Context: Energy systems, renewable energy integration, microgrid design

Design Principle

Intelligent energy management systems are essential for optimizing the performance and economic viability of distributed energy resources.

How to Apply

When designing a microgrid, research and select appropriate energy management algorithms and consider the inclusion of battery storage or other energy storage technologies to smooth out the output from solar or wind power.

Limitations

The review focuses on published literature, and the practical implementation challenges of proposed solutions may vary.

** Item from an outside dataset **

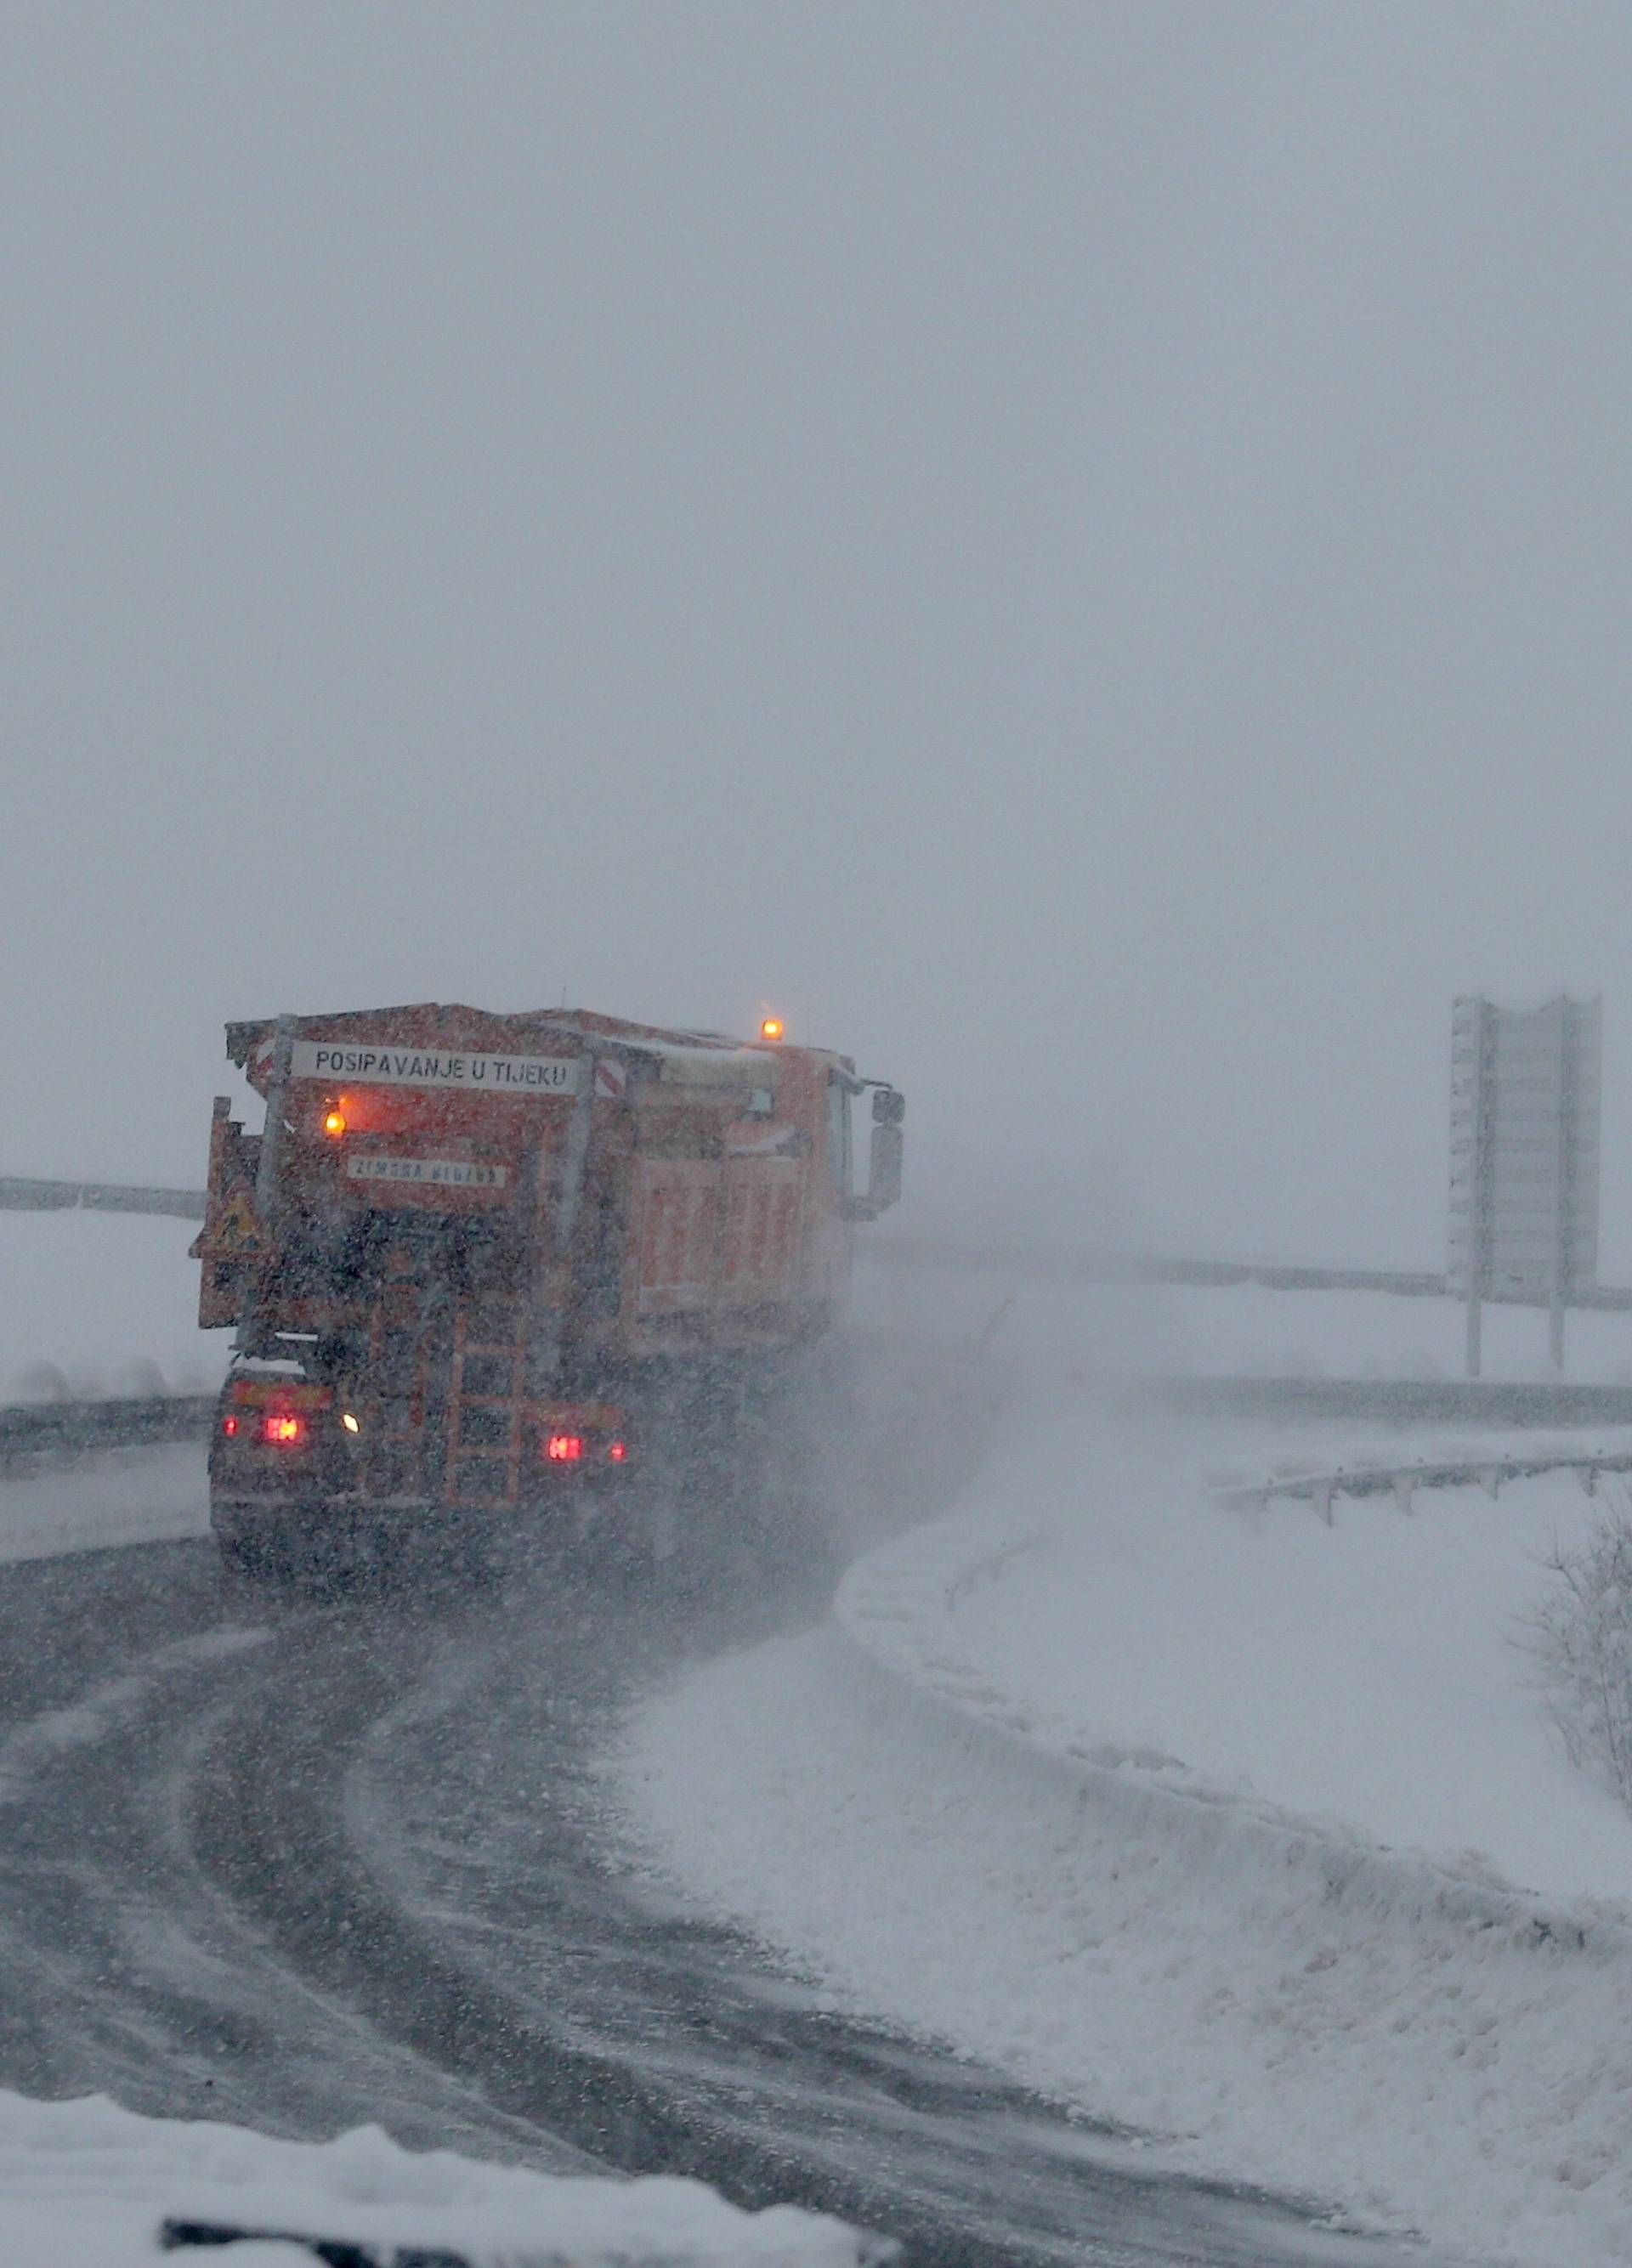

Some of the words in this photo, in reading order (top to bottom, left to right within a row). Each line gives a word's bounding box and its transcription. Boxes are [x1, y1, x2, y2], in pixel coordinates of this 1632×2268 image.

[315, 1050, 464, 1079] POSIPAVANJE
[473, 1060, 485, 1081] U
[493, 1061, 566, 1086] TIJEKU

Student Guide (IB Design Technology)

Simple Explanation: To make sure renewable energy in a small power grid (microgrid) works well and doesn't cost too much, you need smart systems that manage the energy, especially when the sun isn't shining or the wind isn't blowing. Adding batteries helps a lot.

Why This Matters: Understanding how to manage energy in microgrids is important for designing sustainable and cost-effective energy solutions, especially as renewable energy becomes more prevalent.

Critical Thinking: To what extent can predictive modeling for energy storage systems further enhance the cost-effectiveness and reliability of microgrids, and what are the primary challenges in developing such models?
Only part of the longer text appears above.